Peter is clinically at-risk of contracting pneumonia. Following 25 years of “heavy smoking which caused significant damage to the lungs”, Peter quit on “9/9/1990”. At 45 years of age, during his first pneumonia admission to hospital, he was subsequently diagnosed with chronic obstructive pulmonary disease (COPD).

Given his first-hand experience with pneumonia, Peter now exercises regularly and eats well, and is armed with a preventative action plan, to help identify and treat the first symptoms of the debilitating infection. He is also acutely aware of his heightened risk of infection, particularly due to his age (65+), chronic disease and waning immunity.

This is Peter’s story.

In September, 2012, Peter, then 67, was struggling to breathe. He had a severe cough, shortness of breath and a high temperature for a few days, so chose to seek professional advice. After listening to his lungs, and suspecting pneumonia, his local doctor promptly referred him to Respiratory and Sleep Disorders Physician,    Dr Michelle Caldecott, Melbourne, for further examination. He was subsequently diagnosed with a bacterial strain of pneumonia, placed on an intravenous regimen in hospital, and further treated with steroidal medications.

“My initial diagnosis of pneumonia came completely out of left field. One minute I felt fine, and the next, I was experiencing difficulty breathing when walking, particularly up and down hills,” said Peter.

“I have since been hospitalised on five occasions with pneumonia – my most recent hospital admission was 18 months ago, during which I spent 30 long days in hospital.

“When the doctors are really concerned about your oxygen levels, that you end up hospitalised for 30 days, you soon realise just how life-threatening the infection is,” Peter said.

After his most recent diagnosis of pneumonia, during which he was “short of breath, hot and sweaty and feverish,” Peter was referred to an Austin Hospital program, run in conjunction with the University of Melbourne’s physiotherapy department, for which he has since met with multiple specialists from various disciplines, and participated in exercise therapy for those living with lung conditions.

“This program has proven hugely beneficial to me. It has allowed me to re-build my strength, and to date, has kept me out of hospital,” said Peter.

Nowadays, Peter continues to exercise and eat well, to ensure he is well protected against contracting pneumonia.
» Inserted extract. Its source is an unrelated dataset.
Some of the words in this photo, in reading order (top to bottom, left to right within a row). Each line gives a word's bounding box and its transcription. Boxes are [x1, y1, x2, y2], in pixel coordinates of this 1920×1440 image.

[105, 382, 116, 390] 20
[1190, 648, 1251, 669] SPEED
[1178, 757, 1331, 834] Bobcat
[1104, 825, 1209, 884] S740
“Dr Caldecott and my GP have also created an action plan for me, which features the treatments that I require, should I develop symptoms of pneumonia. So all I have to do is to visit my GP for a diagnosis and then visit the pharmacy to collect my medicines, and my treatment commences immediately,” Peter said.

Since recovering from his last episode of pneumonia, Peter has reportedly, been in relatively “good health, apart from experiencing several hernias.”
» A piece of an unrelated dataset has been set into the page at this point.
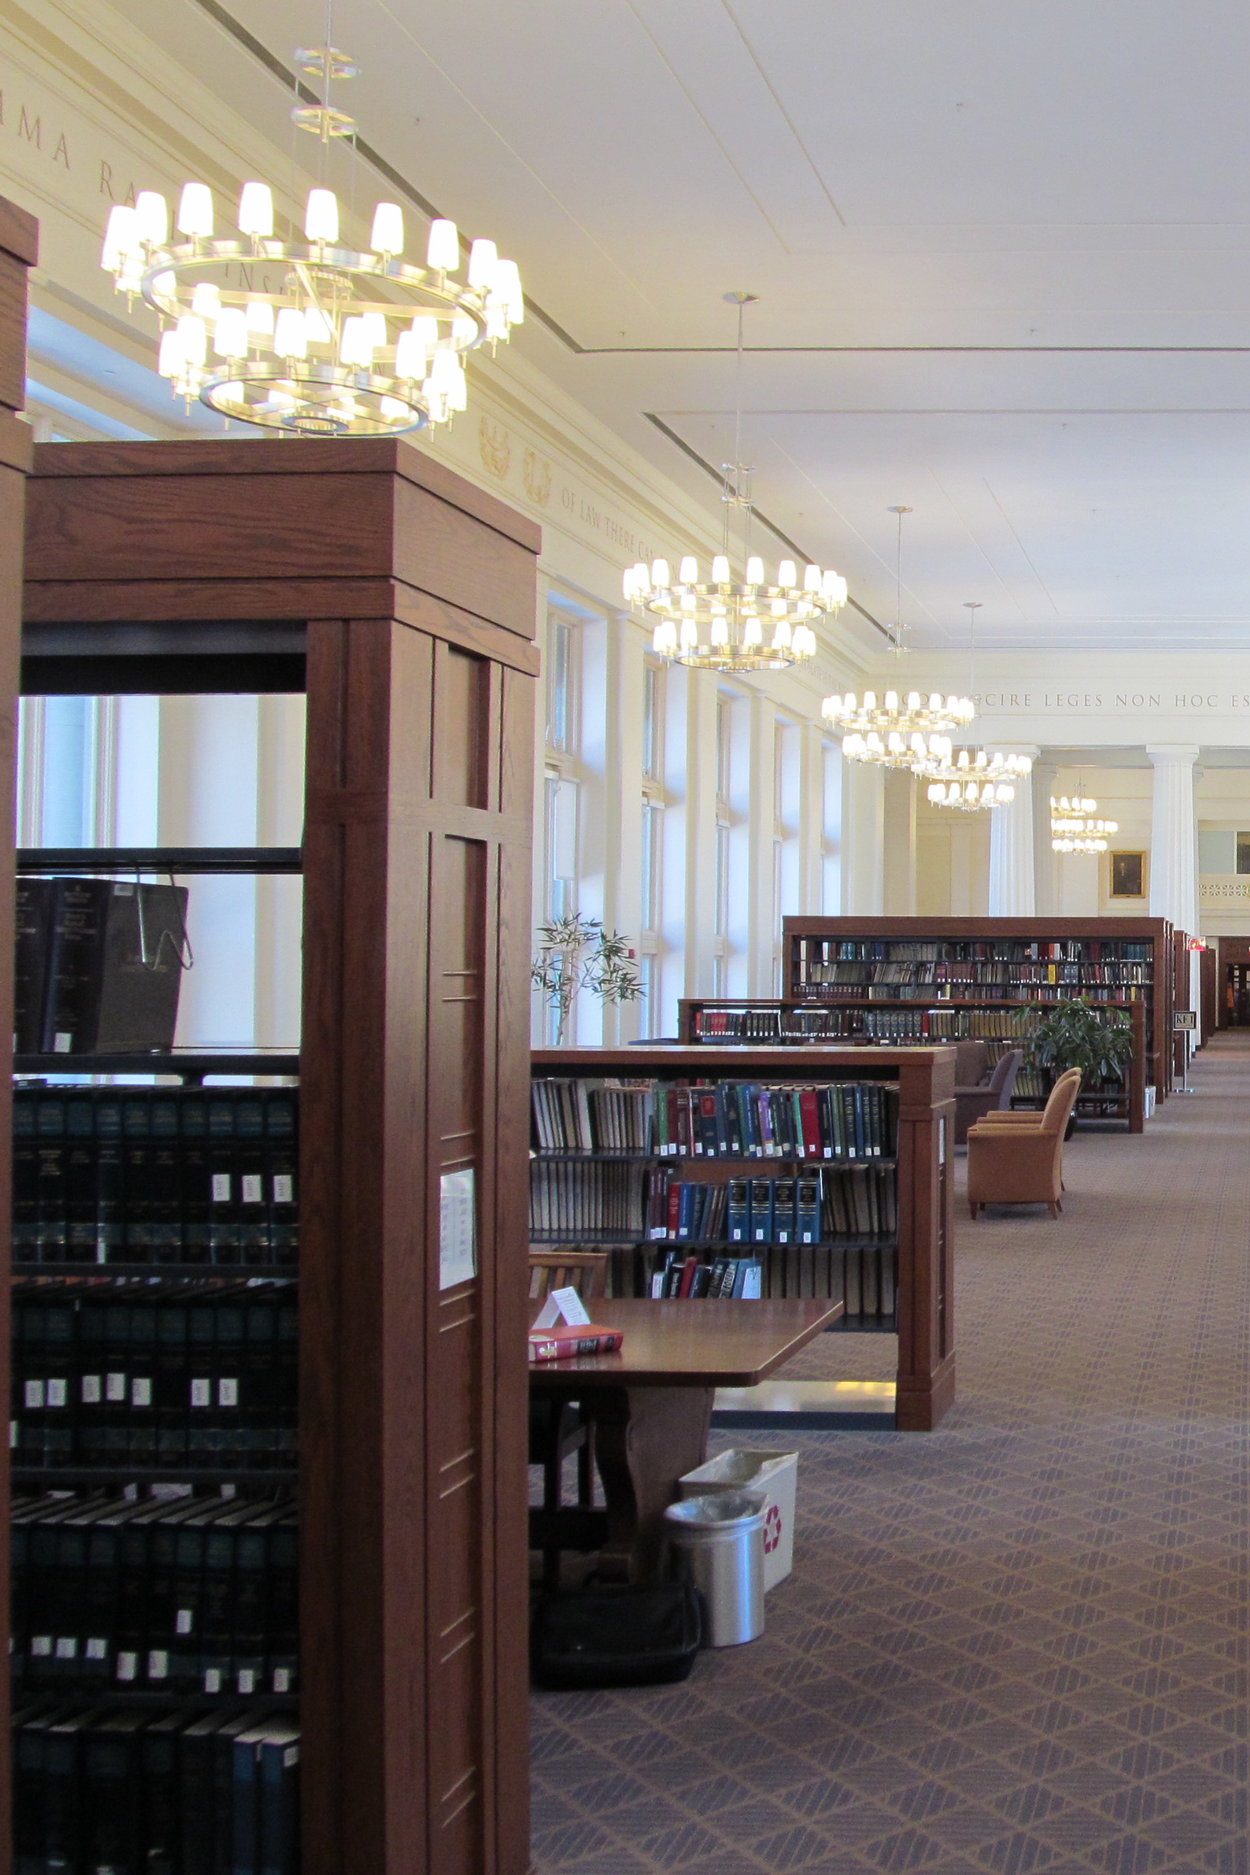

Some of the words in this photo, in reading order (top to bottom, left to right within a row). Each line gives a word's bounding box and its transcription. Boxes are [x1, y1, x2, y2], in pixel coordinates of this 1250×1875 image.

[1044, 693, 1103, 707] LEGES
[1115, 693, 1162, 708] NON
[1174, 694, 1219, 708] HOC
[1176, 1014, 1186, 1024] KF
“I’ve had a few hernias since my last episode of pneumonia. Although I can’t directly attribute the hernias to pneumonia, the coughing associated with the often fatal infection can’t prove overly helpful in warding off the hernias,” said Peter.

“The fact is, each pneumonia episode that I experience causes scarring, confirmed by X-rays and CT-scans, and my general respiratory condition is the result of all of that damage to the lung. The infection definitely reduces my capacity to breathe properly, which limits the amount of physical activity I can do.”

Given his first-hand experience with pneumonia, Peter is acutely aware that he is at heightened risk of the infection, particularly due to his age (65+) and waning immunity.

He has therefore, recently had a flu shot, and has been vaccinated against pneumococcal pneumonia.

Peter urges all Australians aged 65 and over, who are otherwise well, along with those who are immunocompromised, to speak to their doctor about pneumococcal vaccination today.

“I would absolutely urge anyone aged 65 and above, or those who have experienced chronic lung conditions, including pneumonia, to ask their doctor today about the pneumococcal vaccine.

“Protection against this often fatal infection for those who qualify for vaccination, is key to living a long, healthy and active life,” Peter said.